◆ ACTIVITY ◆
I would like every record below transcribed exactly as it is.

◆ RECORDS TO USE ◆
•••••
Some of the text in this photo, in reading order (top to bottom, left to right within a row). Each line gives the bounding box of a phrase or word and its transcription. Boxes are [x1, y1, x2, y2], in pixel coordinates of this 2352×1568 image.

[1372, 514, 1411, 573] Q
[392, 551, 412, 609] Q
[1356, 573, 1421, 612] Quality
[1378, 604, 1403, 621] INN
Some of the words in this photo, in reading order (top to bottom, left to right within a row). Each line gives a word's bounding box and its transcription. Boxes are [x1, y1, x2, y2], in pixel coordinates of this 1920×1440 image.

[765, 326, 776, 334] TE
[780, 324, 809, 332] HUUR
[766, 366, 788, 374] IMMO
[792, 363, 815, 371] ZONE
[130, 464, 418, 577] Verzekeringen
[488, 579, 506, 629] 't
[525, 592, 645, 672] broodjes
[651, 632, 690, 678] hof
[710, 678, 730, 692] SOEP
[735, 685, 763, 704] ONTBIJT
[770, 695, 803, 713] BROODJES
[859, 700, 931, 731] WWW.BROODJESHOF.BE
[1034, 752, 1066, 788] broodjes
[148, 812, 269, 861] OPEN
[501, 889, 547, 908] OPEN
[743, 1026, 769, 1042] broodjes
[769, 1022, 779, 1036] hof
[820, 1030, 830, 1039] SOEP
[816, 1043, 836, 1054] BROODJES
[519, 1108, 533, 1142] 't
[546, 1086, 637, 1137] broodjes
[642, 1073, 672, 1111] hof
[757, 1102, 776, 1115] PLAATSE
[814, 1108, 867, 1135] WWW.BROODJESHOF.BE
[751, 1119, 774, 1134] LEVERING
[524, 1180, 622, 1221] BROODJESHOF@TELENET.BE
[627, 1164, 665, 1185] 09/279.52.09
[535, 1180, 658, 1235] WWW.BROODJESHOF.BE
•••••
◆ ANSWER TO THIS PROBLEM ◆
Some of the text in this photo, in reading order (top to bottom, left to right within a row). Each line gives the bounding box of a phrase or word and its transcription. Boxes are [x1, y1, x2, y2], in pixel coordinates of this 2352×1568 image.

[1372, 514, 1411, 573] Q
[392, 551, 412, 609] Q
[1356, 573, 1421, 612] Quality
[1378, 604, 1403, 621] INN
Some of the words in this photo, in reading order (top to bottom, left to right within a row). Each line gives a word's bounding box and its transcription. Boxes are [x1, y1, x2, y2], in pixel coordinates of this 1920×1440 image.

[765, 326, 776, 334] TE
[780, 324, 809, 332] HUUR
[766, 366, 788, 374] IMMO
[792, 363, 815, 371] ZONE
[130, 464, 418, 577] Verzekeringen
[488, 579, 506, 629] 't
[525, 592, 645, 672] broodjes
[651, 632, 690, 678] hof
[710, 678, 730, 692] SOEP
[735, 685, 763, 704] ONTBIJT
[770, 695, 803, 713] BROODJES
[859, 700, 931, 731] WWW.BROODJESHOF.BE
[1034, 752, 1066, 788] broodjes
[148, 812, 269, 861] OPEN
[501, 889, 547, 908] OPEN
[743, 1026, 769, 1042] broodjes
[769, 1022, 779, 1036] hof
[820, 1030, 830, 1039] SOEP
[816, 1043, 836, 1054] BROODJES
[519, 1108, 533, 1142] 't
[546, 1086, 637, 1137] broodjes
[642, 1073, 672, 1111] hof
[757, 1102, 776, 1115] PLAATSE
[814, 1108, 867, 1135] WWW.BROODJESHOF.BE
[751, 1119, 774, 1134] LEVERING
[524, 1180, 622, 1221] BROODJESHOF@TELENET.BE
[627, 1164, 665, 1185] 09/279.52.09
[535, 1180, 658, 1235] WWW.BROODJESHOF.BE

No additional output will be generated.